Alors même qu’il menait des actions violentes, le PKK a trouvé une base et des soutiens en Türkiye et en Europe. Il n’a pas connu de difficultés de financement. À partir des années 1990, il a créé des partis politiques liés à son réseau et a réussi à obtenir autour de 10 % des voix auprès d’une partie des Kurdes. Il a aussi contribué à la montée d’un nationalisme kurde et à la sécularisation d’une partie des Kurdes.
Cette organisation, le PKK, qui pendant près d’un demi-siècle a été un fléau pour La Türkiye, a fait couler le sang, a placé la politique intérieure et extérieure sous son influence, a provoqué dans la société pessimisme et désespoir, a divisé le pays et l’a parfois amené au bord de la partition, a finalement été enterrée avant-hier en Syrie, dans la ville de Qamishli.
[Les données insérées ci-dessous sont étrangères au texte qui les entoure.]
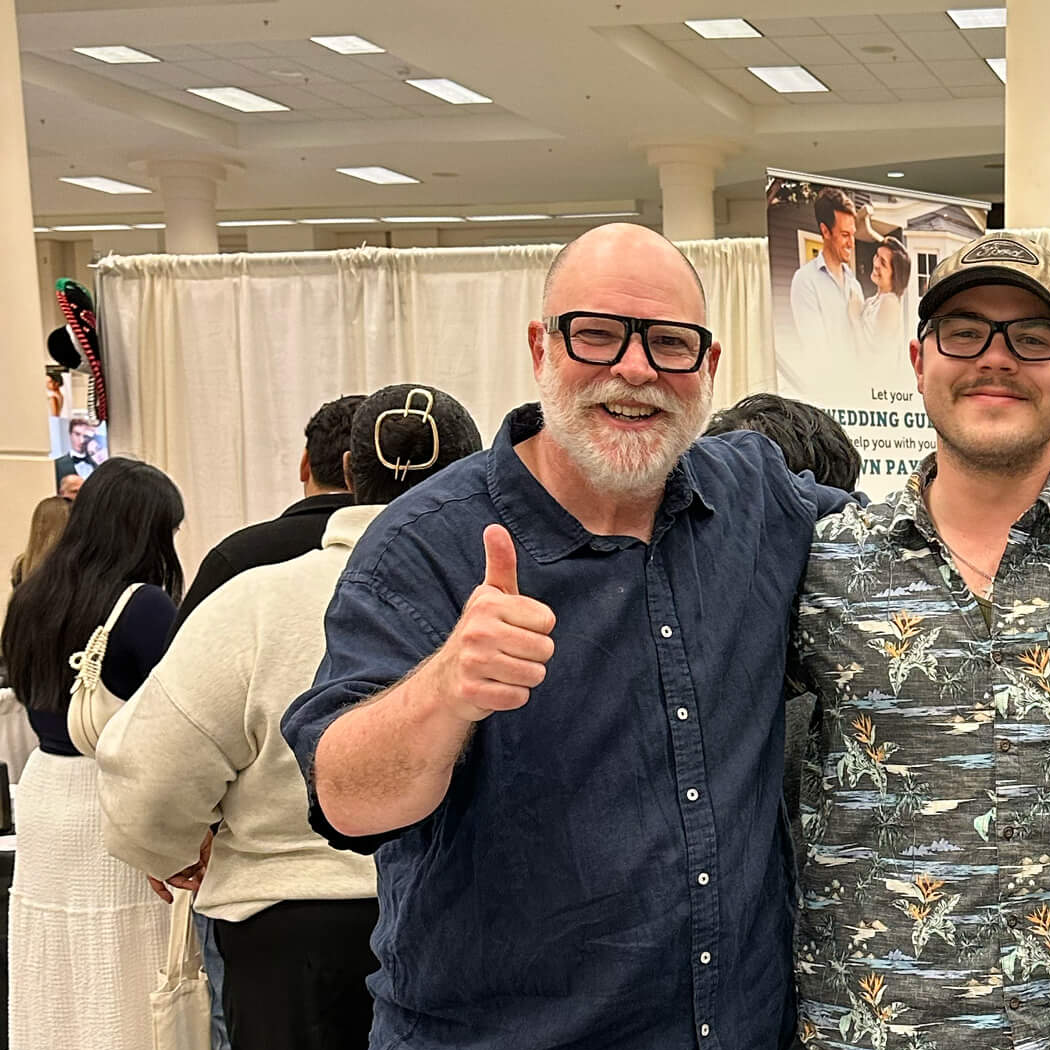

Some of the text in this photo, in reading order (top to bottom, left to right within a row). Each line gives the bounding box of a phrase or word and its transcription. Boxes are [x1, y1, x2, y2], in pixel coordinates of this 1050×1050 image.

[977, 243, 1024, 258] Ford
[871, 388, 914, 404] Let your
[850, 436, 869, 450] elp
[872, 439, 892, 451] you
[894, 437, 916, 449] with
Le PKK avait depuis longtemps perdu, dans une large mesure, sa capacité d’action en Türkiye. Grâce à des mesures strictes, et en particulier au renforcement de la frontière, les militants de l’organisation ne pouvaient plus passer en Türkiye. Les opérations au-delà des frontières, et les avancées de l’industrie de défense, en particulier les drones, avaient réduit les actions terroristes au minimum.
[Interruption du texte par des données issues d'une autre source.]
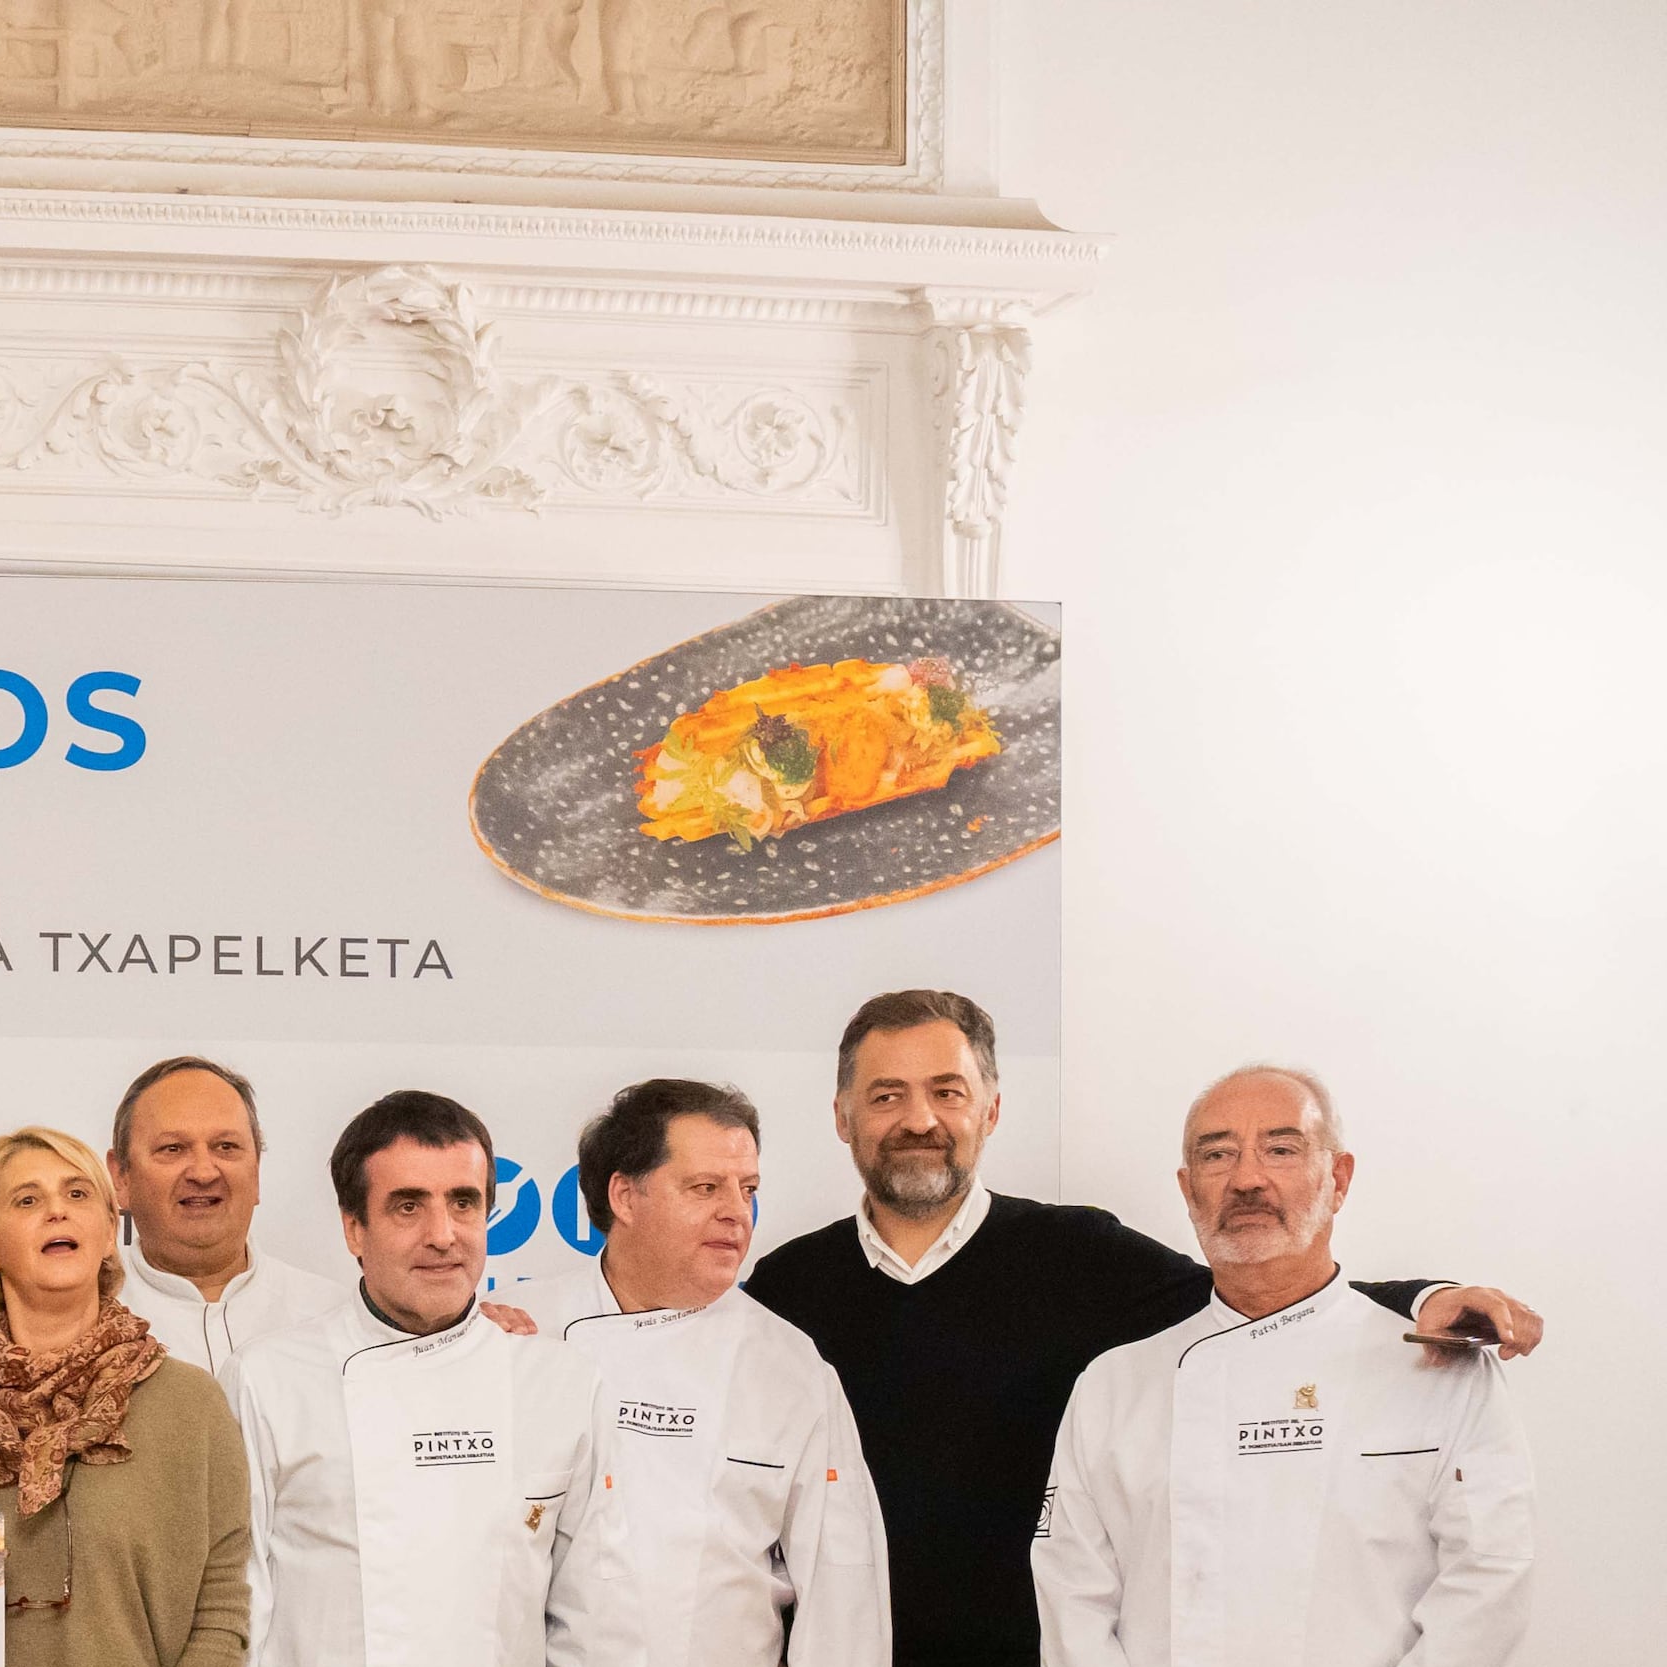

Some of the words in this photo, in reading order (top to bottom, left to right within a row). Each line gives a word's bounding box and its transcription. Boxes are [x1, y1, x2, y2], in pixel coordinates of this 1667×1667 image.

[39, 932, 453, 979] TXAPELKETA
[619, 1407, 695, 1425] PINTXO
[1239, 1425, 1323, 1442] PINTXO
[414, 1438, 494, 1453] PINTXO
Les plans n’ont pas fonctionné. Grâce aux initiatives intenses de La Türkiye et à la lutte héroïque de l’armée syrienne, en l’espace d’une semaine, le PKK s’est retiré des territoires qu’il occupait, et s’est retrouvé coincé dans de petites zones autour d’Aïn al-Arab et dans la région Hasseké-Qamishli.
Un délai de quatre jours lui avait été donné pour se rendre totalement. Ce délai expire demain. S’il se rétracte, comme il l’a fait à de nombreuses reprises auparavant, il fera face à une attaque lourde de l’armée syrienne. Même si l’armée syrienne n’entre pas dans ces villes, sur ces petits morceaux de terre sans électricité, sans eau, sans nourriture et sans connexion avec l’extérieur, le PKK ne pourra pas tenir longtemps, ne pourra pas s’y abriter, ne pourra pas résister.
Que peut-il se passer ensuite? Le PKK peut poursuivre ses activités au nord de l’Irak ou en Iran. Ce n’est pas si simple. L’Iran s’attaque à l’organisation par des mesures très dures. Dans le nord de l’Irak, le PKK est désormais un facteur de nuisance. Autrement dit, il lui sera difficile d’y survivre aussi.